[Data excerpts]
== Segment start ==

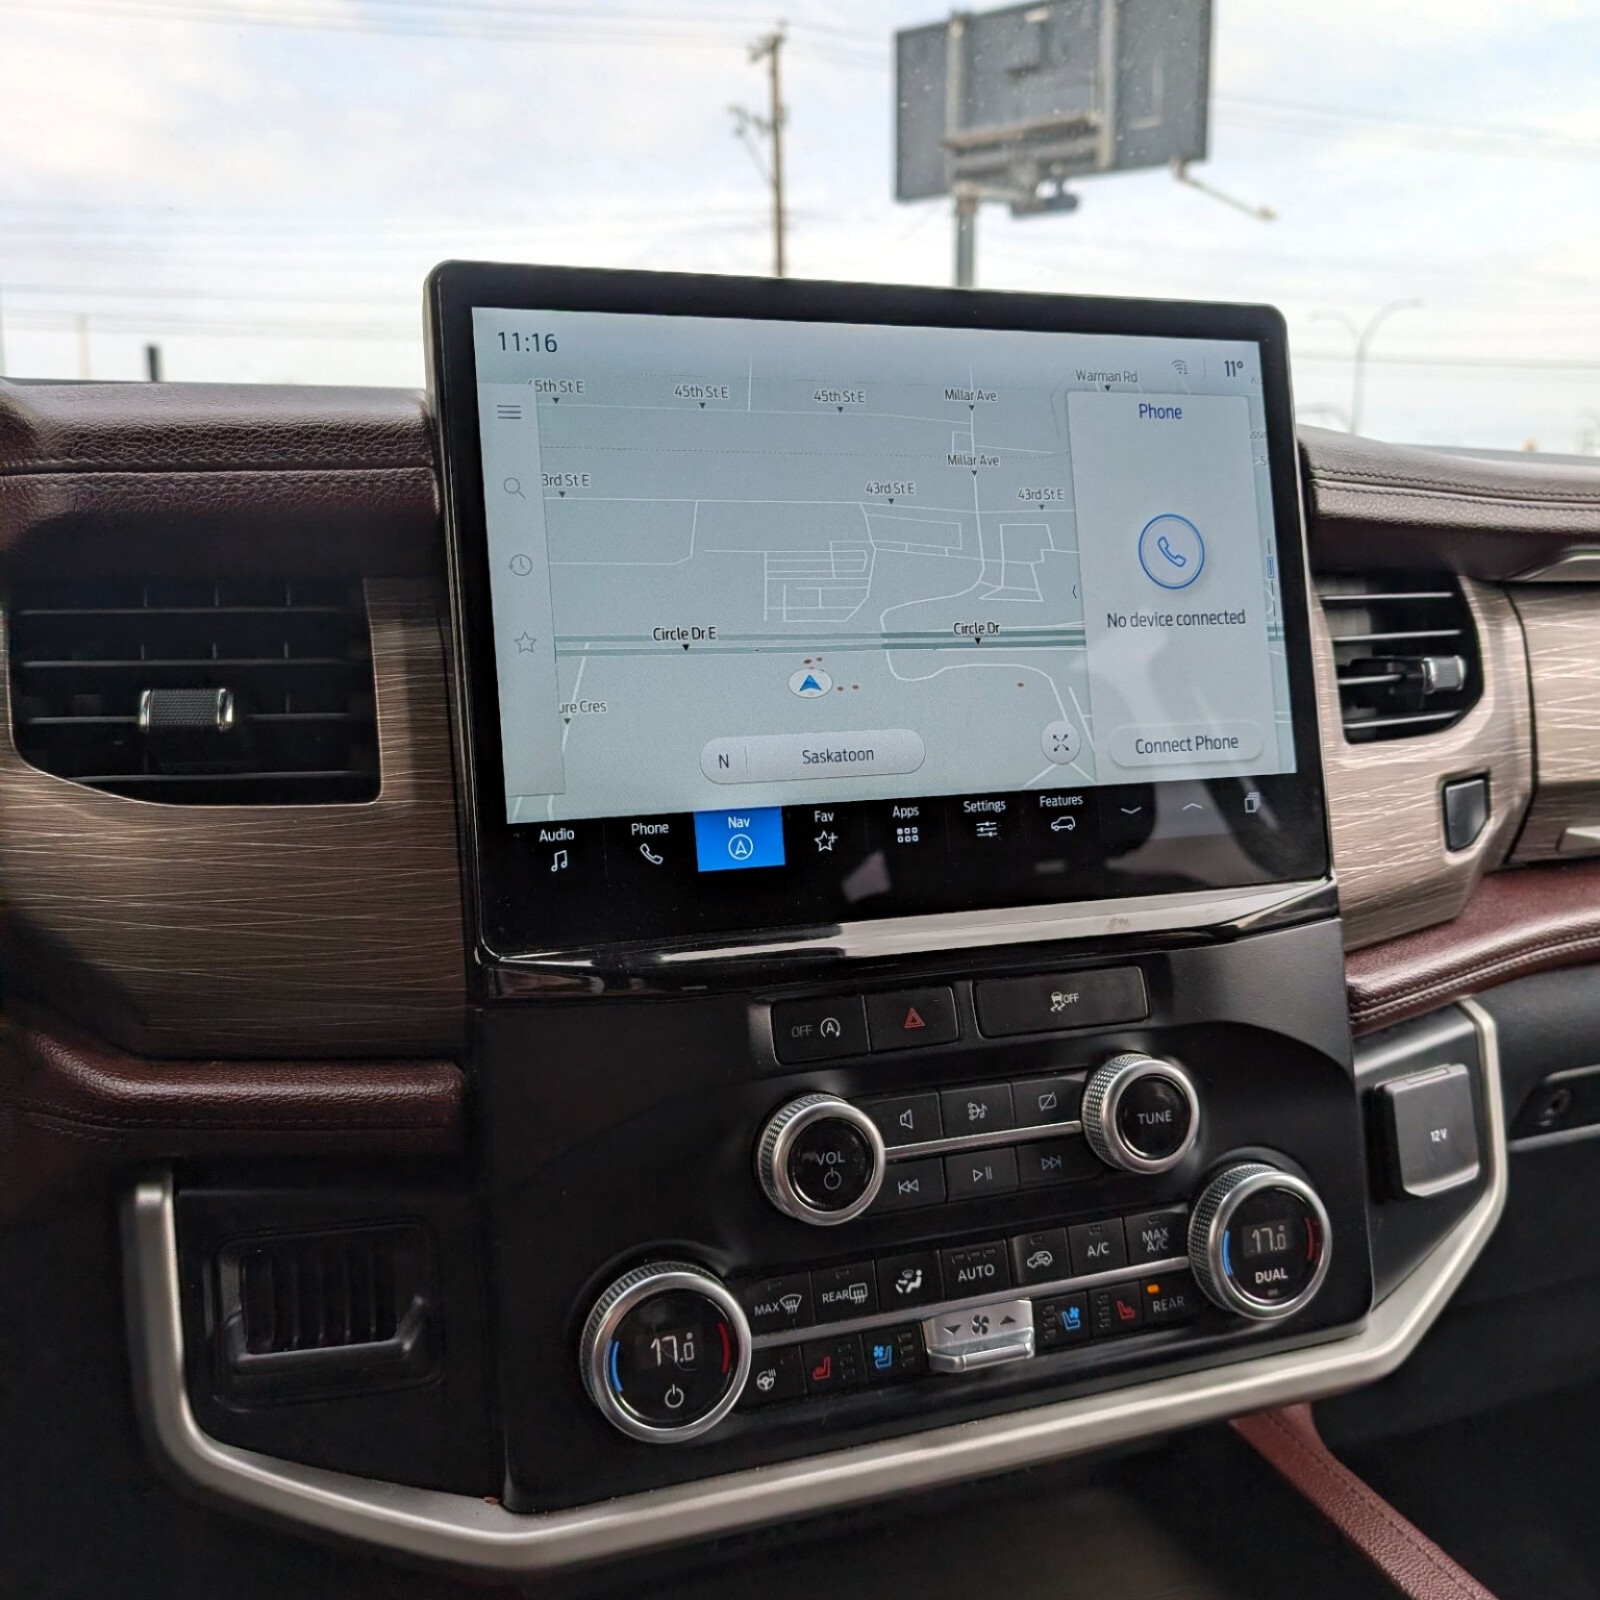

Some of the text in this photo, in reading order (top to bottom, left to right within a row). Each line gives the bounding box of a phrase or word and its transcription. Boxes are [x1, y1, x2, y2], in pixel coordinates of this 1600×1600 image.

[497, 331, 558, 353] 11:16
[1224, 359, 1244, 378] 11°
[1075, 370, 1138, 383] Warman Rd
[528, 379, 584, 393] 5th St E
[674, 386, 728, 399] 45th St E
[813, 390, 865, 403] 45th St E
[944, 389, 997, 402] Millar Ave
[1138, 403, 1183, 420] Phone
[947, 455, 999, 467] Millar Ave
[564, 474, 579, 487] St
[582, 475, 590, 487] E
[865, 483, 915, 495] 43rd St E
[1018, 489, 1064, 501] 43rd St E
[1107, 608, 1246, 628] No device connected
[652, 626, 717, 641] Circle Dr E
[953, 622, 1001, 635] Circle Dr
[579, 700, 607, 713] Cres
[1134, 734, 1240, 755] Connect Phone
[718, 754, 730, 769] N
[802, 748, 875, 765] Saskatoon
[963, 800, 1007, 815] Settings
[1038, 793, 1084, 809] Features
[814, 809, 835, 823] Fav
[892, 804, 920, 820] Apps
[630, 821, 670, 837] Phone
[727, 816, 751, 829] Nav
[538, 827, 576, 843] Audio
[1062, 992, 1080, 1004] OFF
[791, 1024, 814, 1038] OFF
[1137, 1109, 1173, 1125] TUNE
[815, 1151, 845, 1166] VOL
[1142, 1227, 1170, 1243] MAX
[1087, 1241, 1111, 1258] A/C
[1146, 1237, 1169, 1253] A/C
[957, 1264, 996, 1283] AUTO
[1254, 1267, 1289, 1284] DUAL
[821, 1290, 849, 1303] REAR
[754, 1301, 780, 1317] MAX
[1152, 1295, 1186, 1314] REAR

== Segment end ==

▸ **WORK TO COMPLETE**
Type out the data above once more, exactly, with no images included.

▸ **TASK SOLUTION**
Some of the text in this photo, in reading order (top to bottom, left to right within a row). Each line gives the bounding box of a phrase or word and its transcription. Boxes are [x1, y1, x2, y2], in pixel coordinates of this 1600×1600 image.

[497, 331, 558, 353] 11:16
[1224, 359, 1244, 378] 11°
[1075, 370, 1138, 383] Warman Rd
[528, 379, 584, 393] 5th St E
[674, 386, 728, 399] 45th St E
[813, 390, 865, 403] 45th St E
[944, 389, 997, 402] Millar Ave
[1138, 403, 1183, 420] Phone
[947, 455, 999, 467] Millar Ave
[564, 474, 579, 487] St
[582, 475, 590, 487] E
[865, 483, 915, 495] 43rd St E
[1018, 489, 1064, 501] 43rd St E
[1107, 608, 1246, 628] No device connected
[652, 626, 717, 641] Circle Dr E
[953, 622, 1001, 635] Circle Dr
[579, 700, 607, 713] Cres
[1134, 734, 1240, 755] Connect Phone
[718, 754, 730, 769] N
[802, 748, 875, 765] Saskatoon
[963, 800, 1007, 815] Settings
[1038, 793, 1084, 809] Features
[814, 809, 835, 823] Fav
[892, 804, 920, 820] Apps
[630, 821, 670, 837] Phone
[727, 816, 751, 829] Nav
[538, 827, 576, 843] Audio
[1062, 992, 1080, 1004] OFF
[791, 1024, 814, 1038] OFF
[1137, 1109, 1173, 1125] TUNE
[815, 1151, 845, 1166] VOL
[1142, 1227, 1170, 1243] MAX
[1087, 1241, 1111, 1258] A/C
[1146, 1237, 1169, 1253] A/C
[957, 1264, 996, 1283] AUTO
[1254, 1267, 1289, 1284] DUAL
[821, 1290, 849, 1303] REAR
[754, 1301, 780, 1317] MAX
[1152, 1295, 1186, 1314] REAR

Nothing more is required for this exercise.